• [What is needed] Without the images, repeat every line of the listing verbatim.

• [Material shown]
※

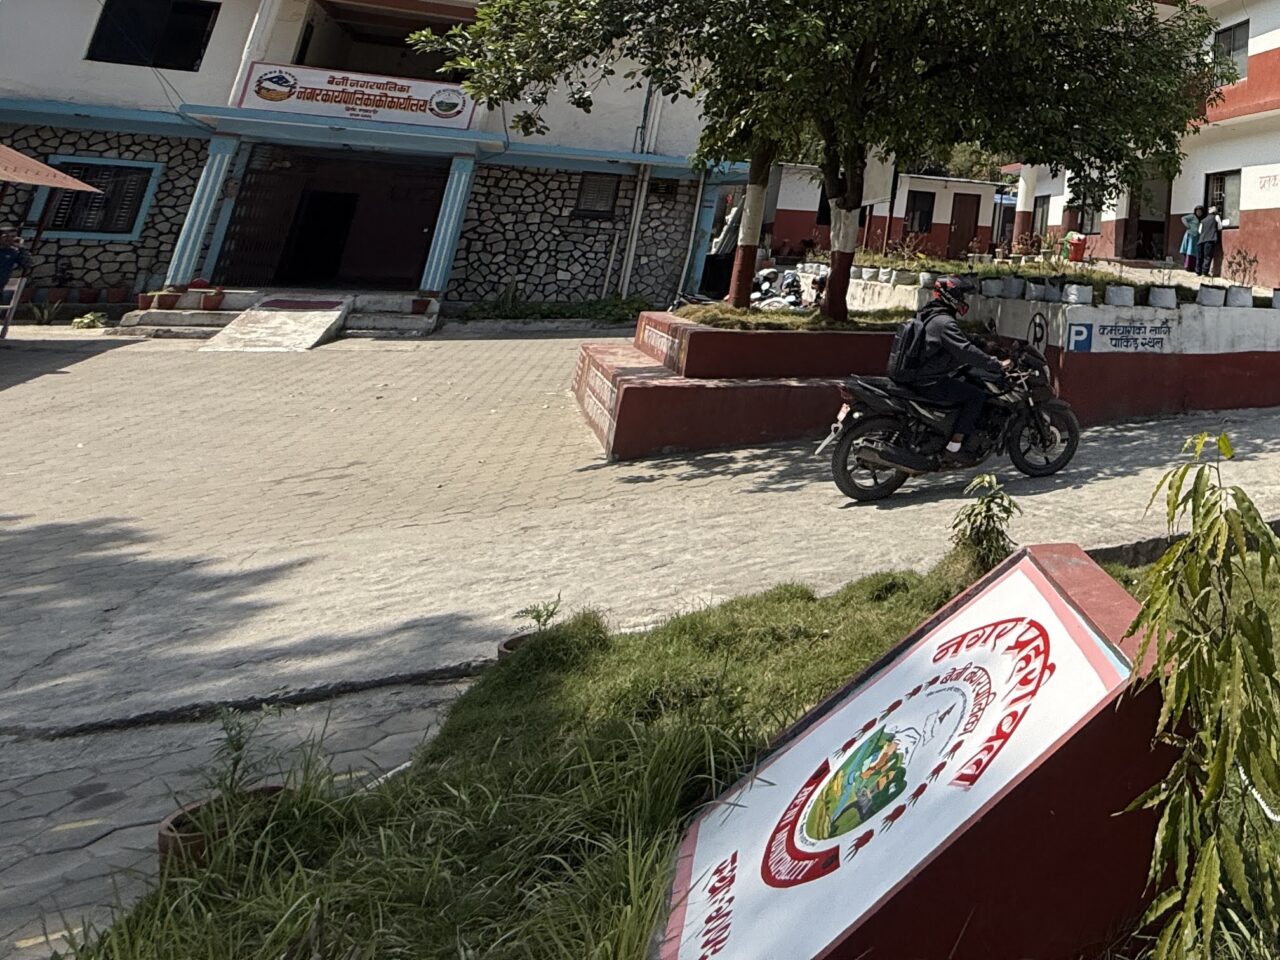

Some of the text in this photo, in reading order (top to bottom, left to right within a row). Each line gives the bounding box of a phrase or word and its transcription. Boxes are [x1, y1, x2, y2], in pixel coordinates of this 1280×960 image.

[349, 79, 411, 93] नगरपालिका
[933, 617, 1027, 664] नगर
[780, 782, 817, 828] BENI
[768, 825, 819, 880] MUNICIPALITY

※

• [Solved problem]
Some of the text in this photo, in reading order (top to bottom, left to right within a row). Each line gives the bounding box of a phrase or word and its transcription. Boxes are [x1, y1, x2, y2], in pixel coordinates of this 1280×960 image.

[349, 79, 411, 93] नगरपालिका
[933, 617, 1027, 664] नगर
[780, 782, 817, 828] BENI
[768, 825, 819, 880] MUNICIPALITY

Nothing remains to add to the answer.